Boysie Oakes
Boysie Oakes is fictional secret agent created by the British spy novelist John Gardner in 1964 at the height of a period of fictional spy mania.
Boysie Oaks | |
---|---|
First appearance | The Liquidator |
Last appearance | A Killer for a Song |
Created by | John Gardner |
Portrayed by | Rod Taylor |
In-universe information | |
Gender | Male |
Occupation | Secret Agent |
Nationality | British |
Character Biography
Oakes is a richly comic character who is inadvertently taken to be a tough, pitiless man of action and is recruited into a British spy agency. He is, in actuality, a devout coward with many other character flaws who wants nothing more than to be left alone.
An example of the endearing points in these novels is the continuing appearance of monogrammed "BO" gifts from his mother - shirts, handkerchiefs, cigarette lighter, and so forth.

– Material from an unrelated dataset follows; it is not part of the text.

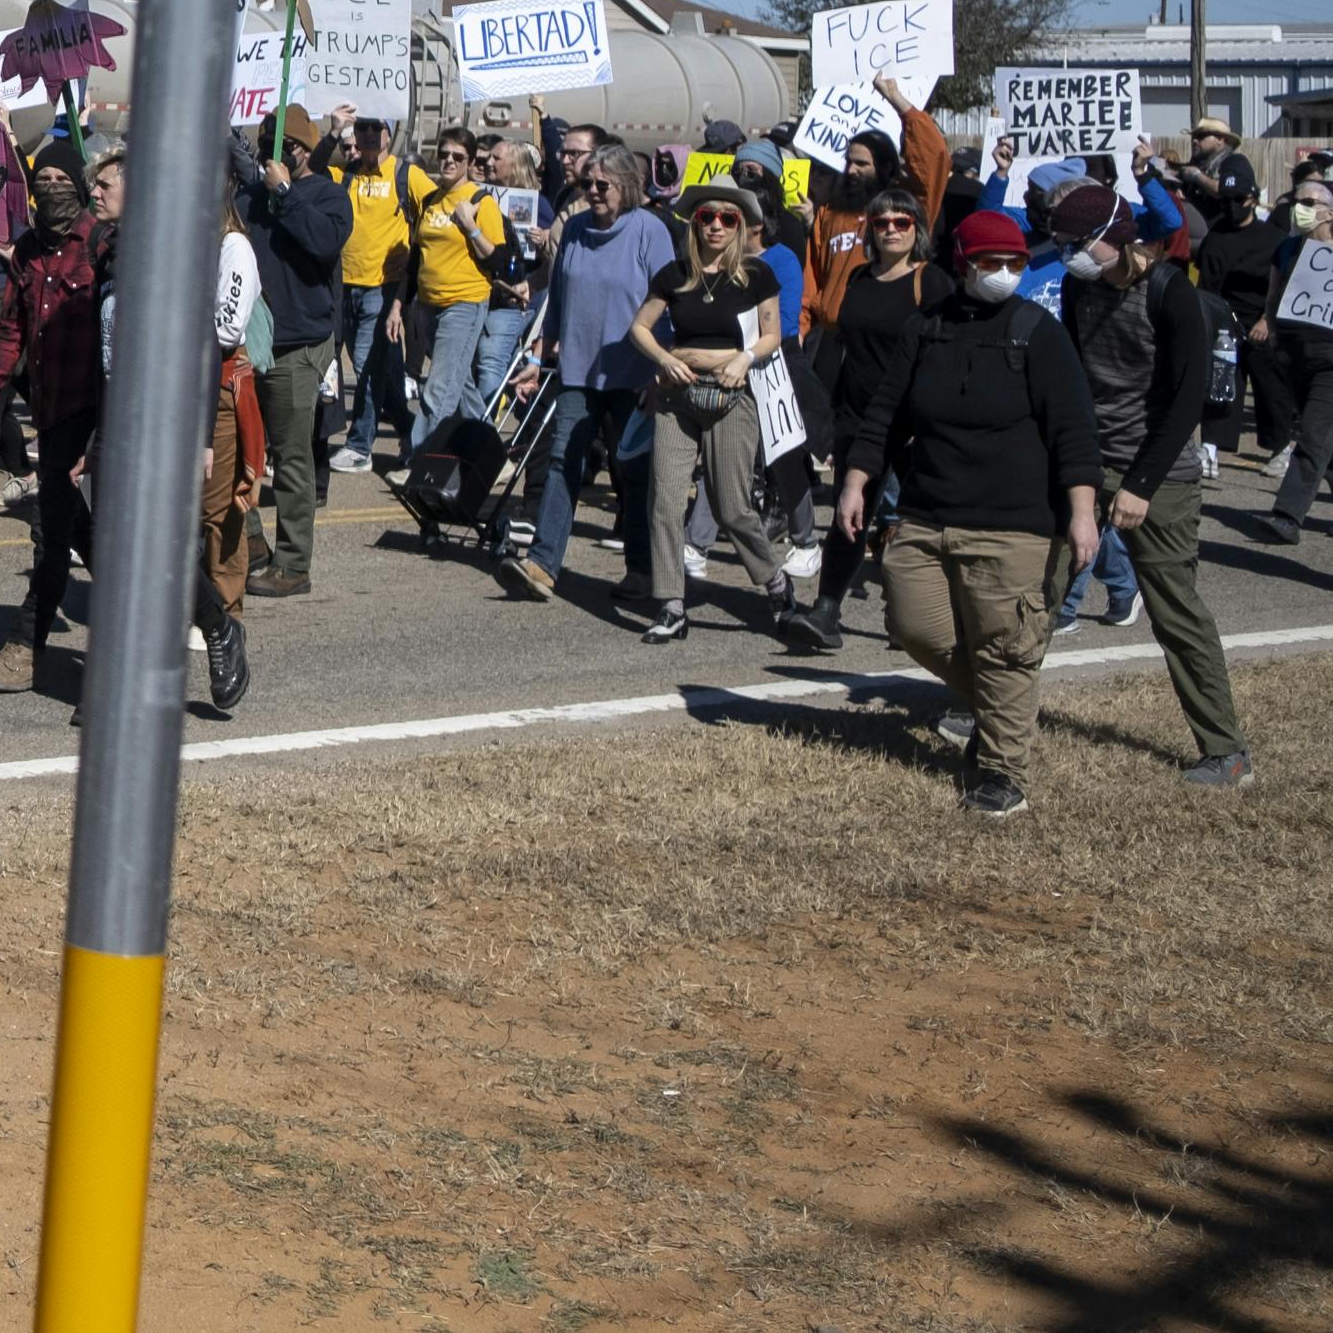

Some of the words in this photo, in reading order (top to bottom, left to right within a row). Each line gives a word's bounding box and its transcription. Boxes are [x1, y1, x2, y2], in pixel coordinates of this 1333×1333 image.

He would never dream of not using them, even though he resents them.
The cowardly Oakes starred in another seven novels over the next 15 years and eventually, once again by inadvertence, becomes the head of the secret agency that has caused him to be in a constant state of terror for so long.
Film
The first novel in the series, The Liquidator, was made into a feature film of the same name in 1965, starring Rod Taylor as Boysie Oakes.
Boysie Oakes novels
- The Liquidator (1964)
- Understrike (1965)
- Amber Nine (1966)
- Madrigal (1967)
- Founder Member (1969)
- Traitor's Exit (1970)
- The Airline Pirates (1970) - published in the U.S. as Air Apparent
- A Killer for a Song (1975)
Two Boysie Oakes short stories appear in The Assassination File (1974): A Handful of Rice, and Corkscrew.
Two Boysie Oakes short stories appear in Hideaway (1968): Boysie Oakes and The Explosive Device, Sunset At Paleokastritsa.